Emmanuel RAVUT
Avocat à la Cour de Paris
Cabinet Bayet & Associés
LA GARANTIE LEGALE D’EVICTION DUE PAR LE VENDEUR DE TITRES DE SOCIETE AU PROFIT DE SON ACHETEUR
Dans la plupart des opérations de vente de titres de société, le vendeur s’engage contractuellement dans le cadre du protocole de cession des titres à ne pas faire concurrence à son acheteur sur un territoire défini et pour une durée et une activité également définies.
C’est une garantie contractuelle qui vient s’ajouter à la garantie légale d’éviction dont bénéficie l’acheteur des titres d’une société au titre de l’article 1626 du Code civil :
« Quoique lors de la vente il n’ait été fait aucune stipulation sur la garantie, le vendeur est obligé de droit à garantir l’acquéreur de l’éviction qu’il souffre dans la totalité ou partie de l’objet vendu, ou des charges prétendues sur cet objet, et non déclarées lors de la vente. »
La garantie légale d’éviction interdit donc au cédant de titres de société de se rétablir en concurrençant la société qu’il vient de céder, mais elle est délimitée dans le temps au regard de l’activité et du marché concernés.

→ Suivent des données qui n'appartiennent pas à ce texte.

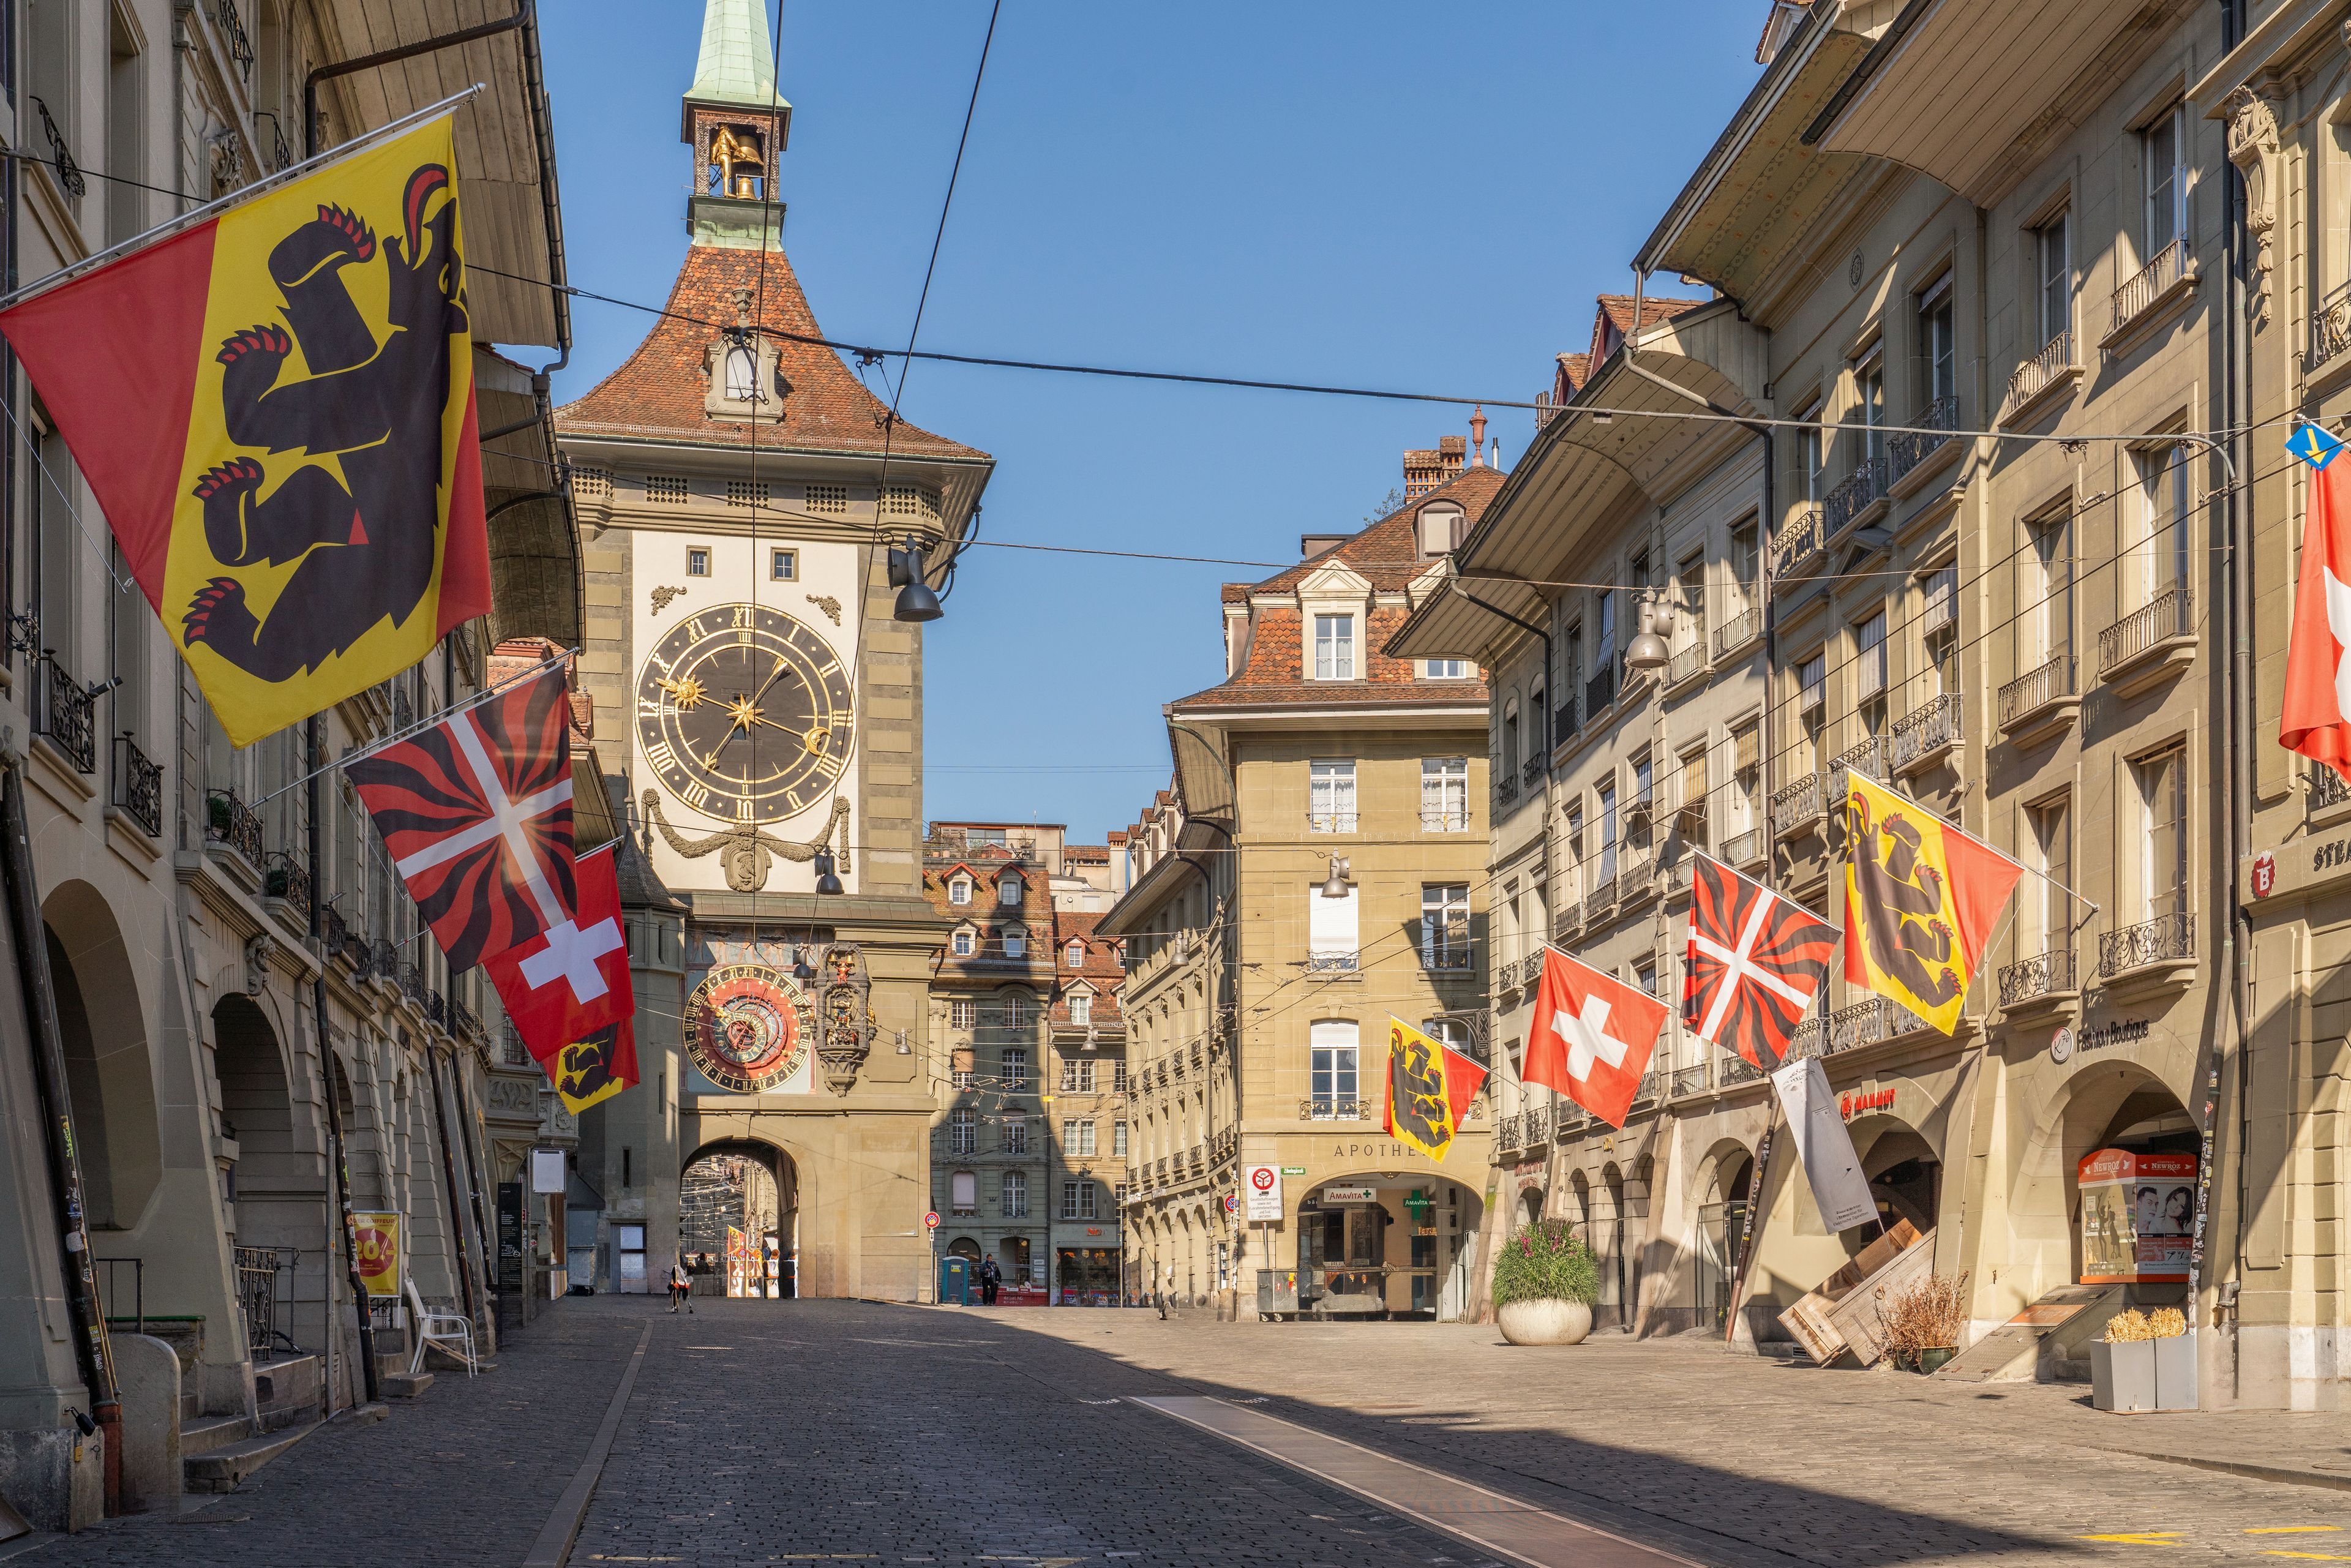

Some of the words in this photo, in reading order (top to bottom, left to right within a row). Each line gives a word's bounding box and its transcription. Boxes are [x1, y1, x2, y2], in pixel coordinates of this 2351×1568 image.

[2077, 1026, 2109, 1053] Fashion
[2110, 1018, 2150, 1045] Boutique
[1855, 1088, 1895, 1110] MAMMUT
[1334, 1144, 1427, 1157] APOTHE
[2094, 1161, 2120, 1172] NEWROZ
[1329, 1191, 1362, 1200] AMAVITA

De cette garantie, la Cour de cassation déduit, à la charge du cédant, une interdiction de commettre des actes de nature à constituer des reprises ou des tentatives de reprise du bien vendu ou des atteintes aux activités telles qu’elles empêchent l’acquéreur de poursuivre l’activité économique de la société.
Un arrêt récent de la Cour de cassation (Cass. com. 6-11-2024 n° 23-11.008 F-D) vient de donner les limites de la garantie d’éviction en rappelant que l’interdiction de concurrence qui s’impose au cédant de titres de société s’apprécie de manière concrète, au regard de l’activité et du marché concernés.
En l’espèce, l’acquéreur des actions d’une société éditant des logiciels avait agi en garantie d’éviction contre les cédants, leur reprochant d’avoir créé après la cession une société dans le même domaine d’activité. La Cour d’appel saisie de ce dossier a cependant considéré que les cédants n’avaient pas enfreint les dispositions de l’article 1626 du Code civil, d’une part car l’un des cédants avait créé la société concurrente trois ans et cinq mois après la cession des titres et que l’autre cédant l’avait rejoint en tant que salarié quatre ans et cinq mois après la cession ; la mise en ligne de la première version d’un logiciel par la société concurrente était intervenue près de cinq ans après la cession, de même que le recrutement d’anciens salariés de la société cédée.
La Cour de cassation a pris en compte la nature du marché sur lequel intervenait la société vendue, à savoir le développement des produits informatiques et des prestations de services y afférentes, où l’innovation technologique est rapide, faisant ainsi évoluer les services et prestations offerts d’une année sur l’autre ; interdire pendant plusieurs années à des cédants d’une société intervenant sur un marché aussi innovant et évolutif que celui des prestations informatiques de se rétablir apparaîtrait disproportionné par rapport à la protection des intérêts du cessionnaire, laquelle doit se conjuguer avec la protection de la liberté d’entreprendre.
La Cour de cassation avait déjà précisé que l’interdiction pour le cédant de se rétablir doit être proportionnée aux intérêts légitimes à protéger et que les juges doivent rechercher si l’interdiction de se rétablir se justifie encore au moment des faits reprochés.